• _Saved data entries_
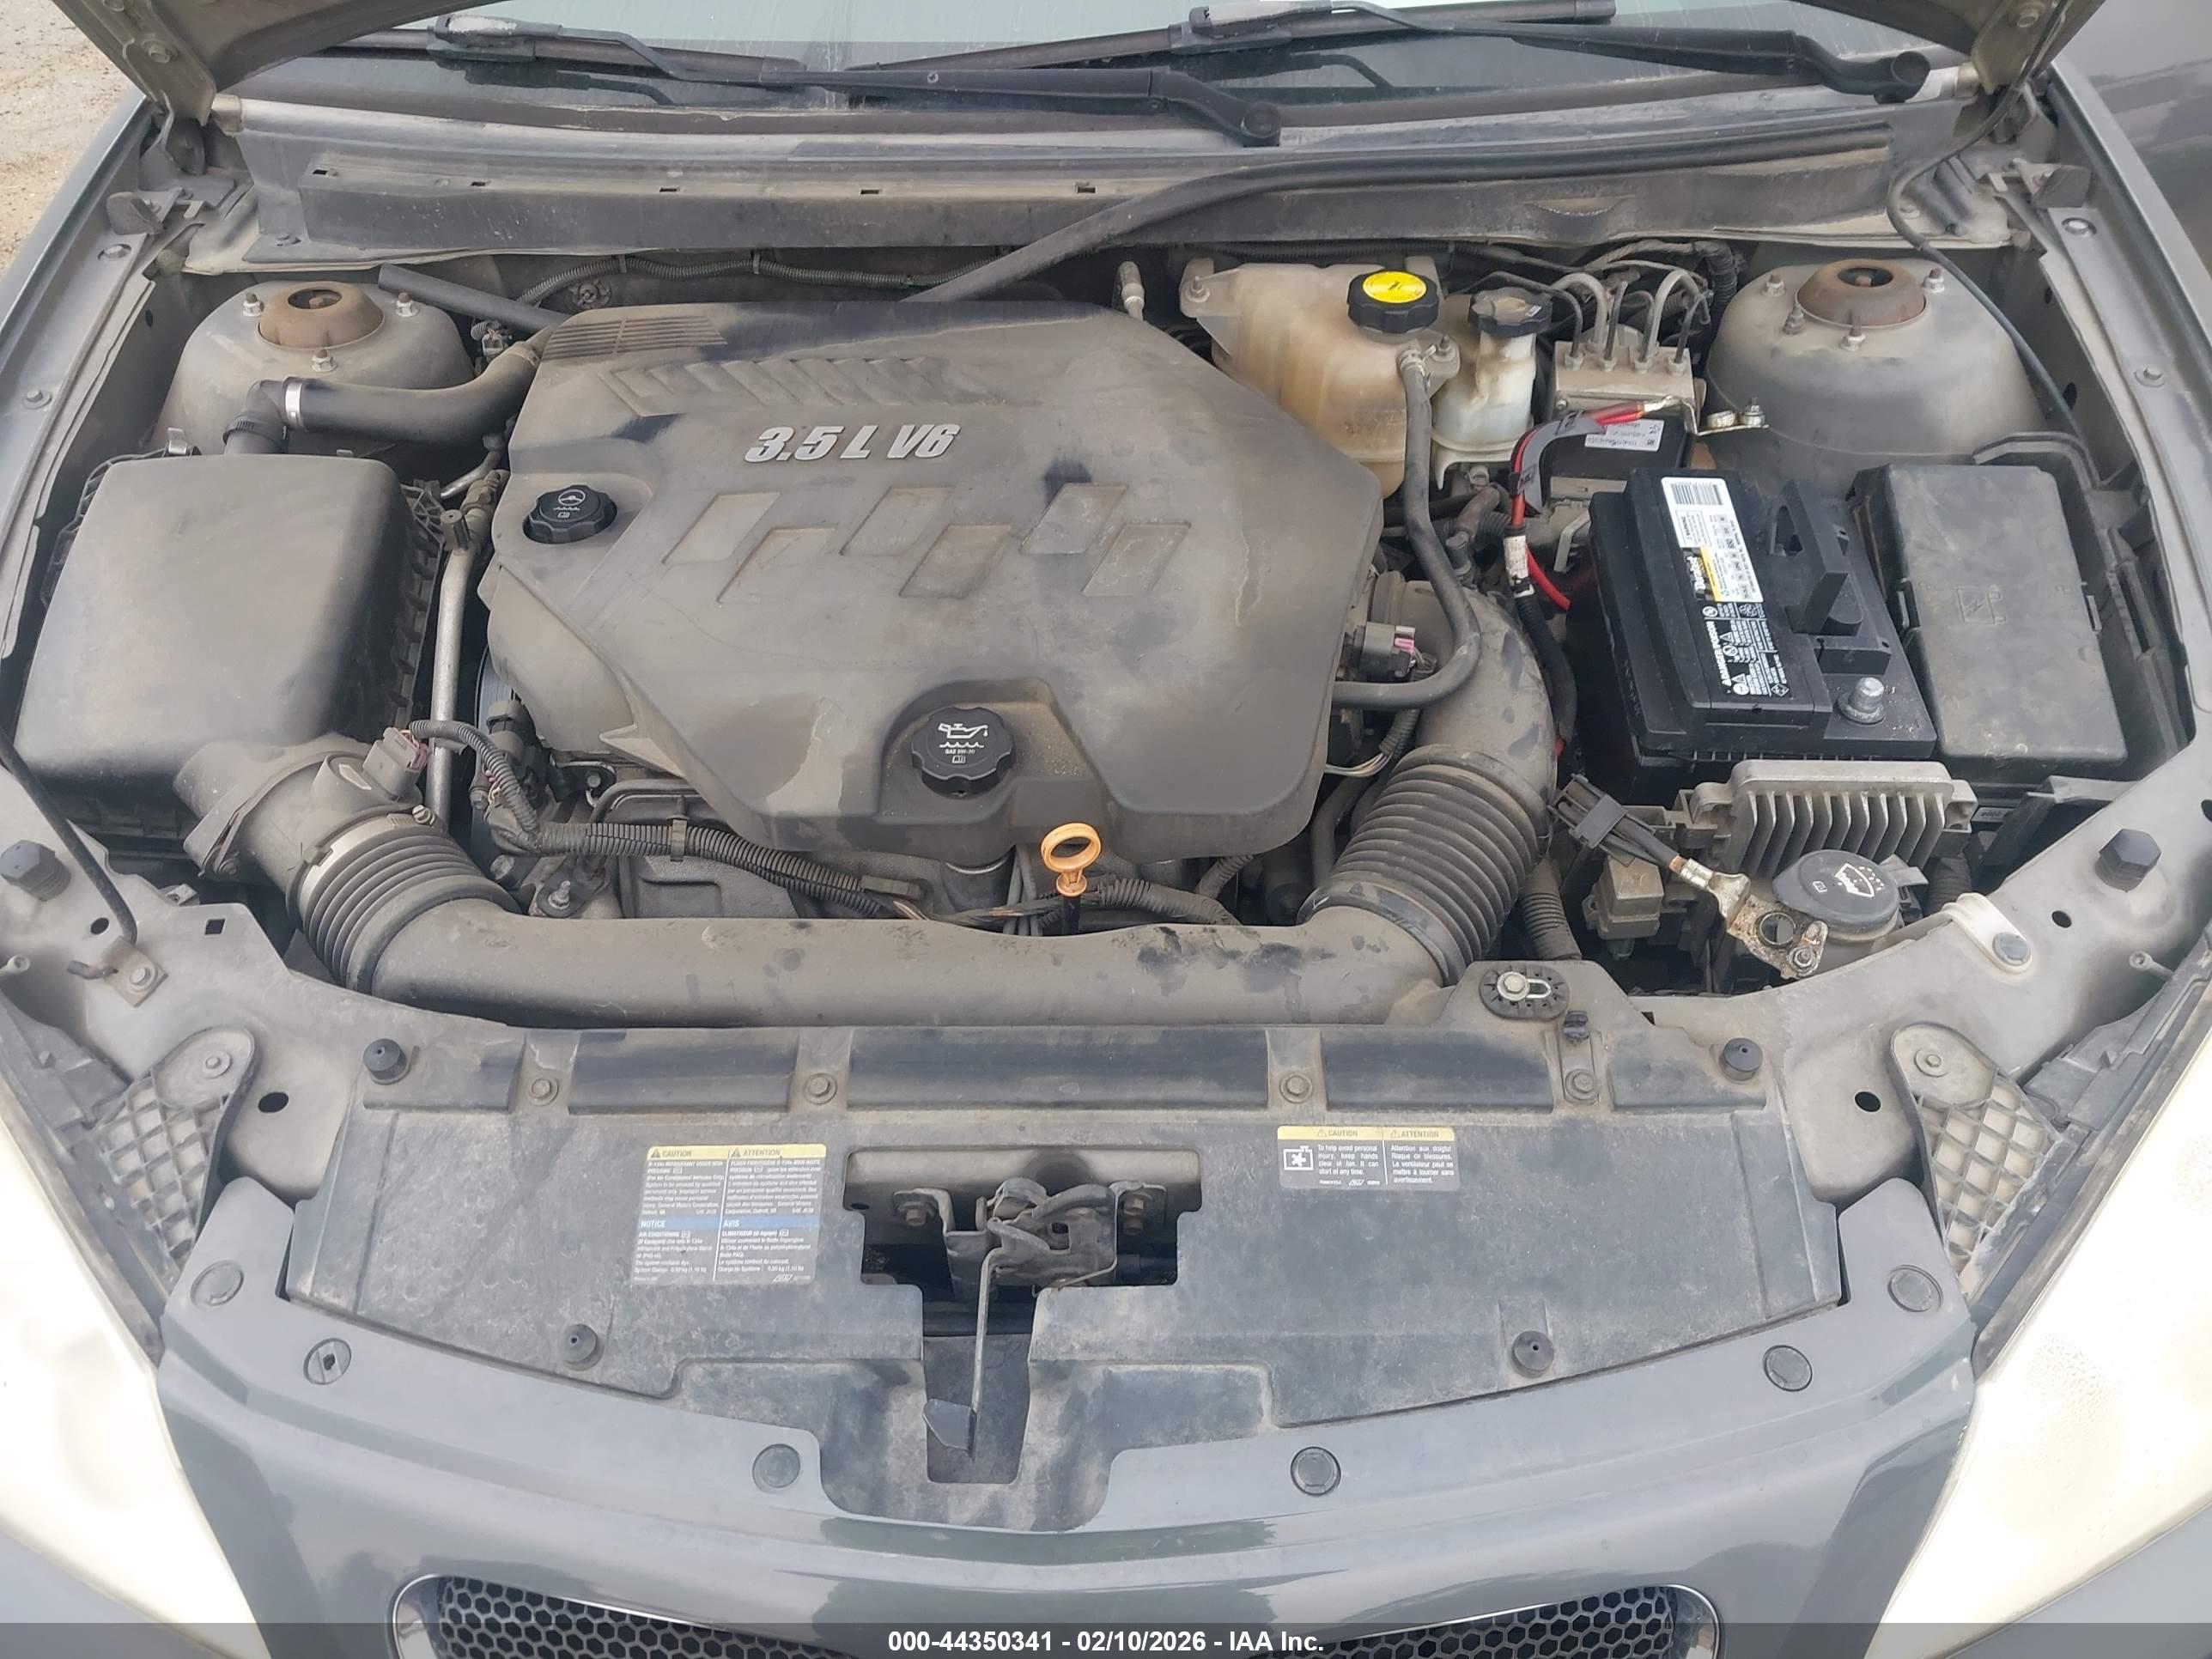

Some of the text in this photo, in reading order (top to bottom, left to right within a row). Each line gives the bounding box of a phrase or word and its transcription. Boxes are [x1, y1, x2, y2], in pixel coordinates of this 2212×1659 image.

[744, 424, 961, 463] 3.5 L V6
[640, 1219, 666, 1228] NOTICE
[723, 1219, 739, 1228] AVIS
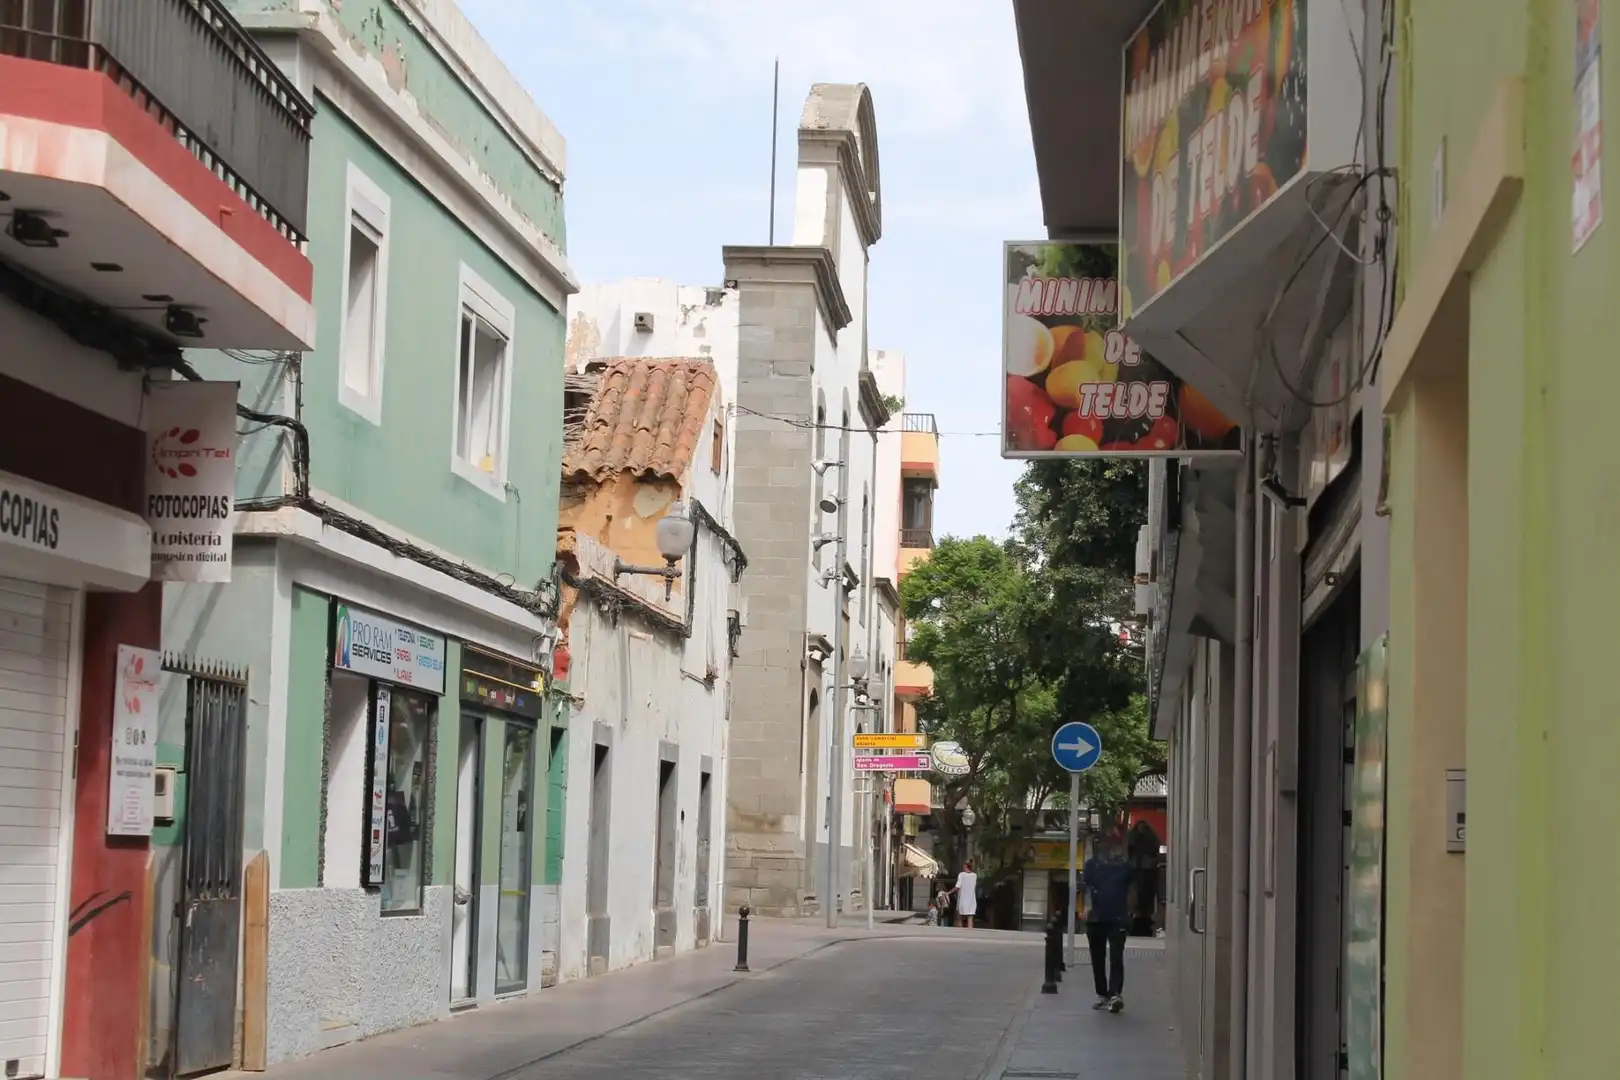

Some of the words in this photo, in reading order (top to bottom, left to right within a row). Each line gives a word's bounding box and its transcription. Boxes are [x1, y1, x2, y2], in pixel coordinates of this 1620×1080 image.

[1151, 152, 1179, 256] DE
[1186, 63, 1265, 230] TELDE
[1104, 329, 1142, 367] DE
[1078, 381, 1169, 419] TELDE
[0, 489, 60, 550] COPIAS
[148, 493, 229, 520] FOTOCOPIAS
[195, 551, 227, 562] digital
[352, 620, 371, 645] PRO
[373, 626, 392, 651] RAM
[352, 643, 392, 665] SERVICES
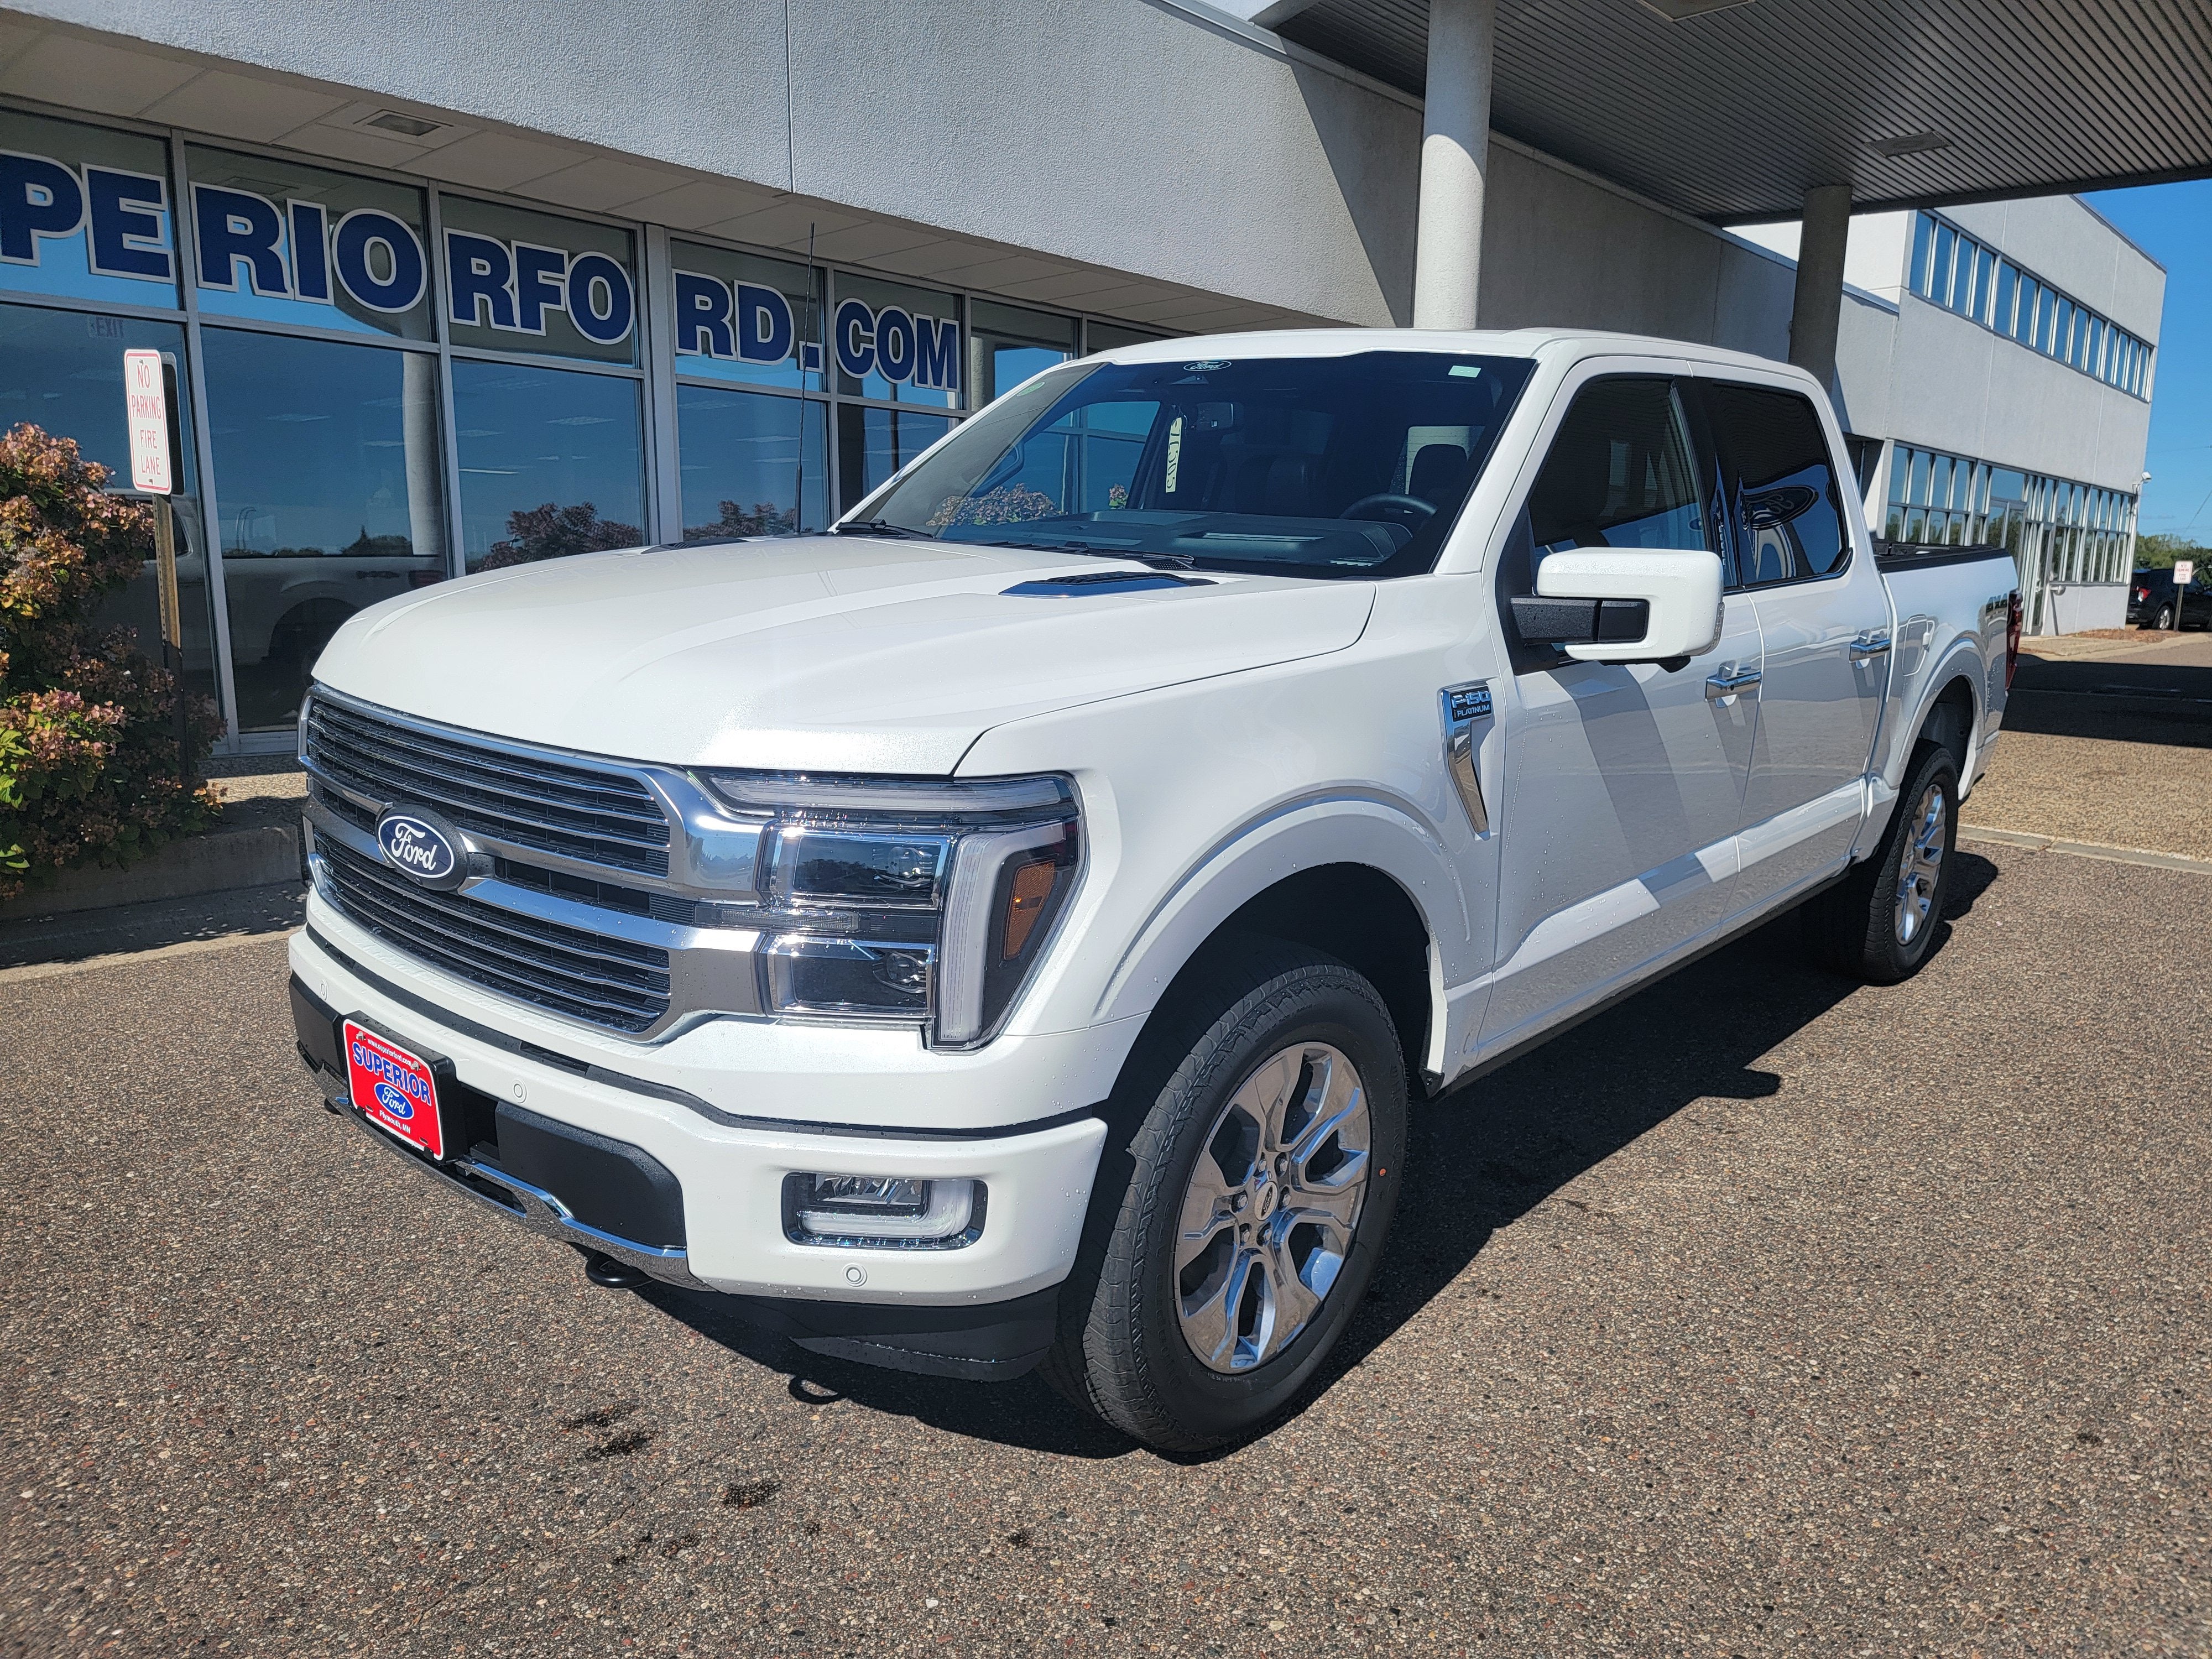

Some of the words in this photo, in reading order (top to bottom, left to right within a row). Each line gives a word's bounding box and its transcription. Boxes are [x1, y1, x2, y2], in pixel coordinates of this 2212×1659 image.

• _How to complete this task_
Reproduce each record above by retyping it exactly; omit all images.

• _Result_
Some of the text in this photo, in reading order (top to bottom, left to right within a row). Each line gives the bounding box of a phrase or word and its transcription. Boxes are [x1, y1, x2, y2], in pixel coordinates of this 2212×1659 image.

[744, 424, 961, 463] 3.5 L V6
[640, 1219, 666, 1228] NOTICE
[723, 1219, 739, 1228] AVIS

Some of the words in this photo, in reading order (top to bottom, left to right within a row). Each line gives a word's bounding box and its transcription. Boxes are [x1, y1, x2, y2], in pixel coordinates of this 1620×1080 image.

[1151, 152, 1179, 256] DE
[1186, 63, 1265, 230] TELDE
[1104, 329, 1142, 367] DE
[1078, 381, 1169, 419] TELDE
[0, 489, 60, 550] COPIAS
[148, 493, 229, 520] FOTOCOPIAS
[195, 551, 227, 562] digital
[352, 620, 371, 645] PRO
[373, 626, 392, 651] RAM
[352, 643, 392, 665] SERVICES

Some of the words in this photo, in reading order (top to bottom, left to right within a row). Each line gives a word's bounding box and its transcription. Boxes are [x1, y1, x2, y2], in pixel coordinates of this 2212×1659 image.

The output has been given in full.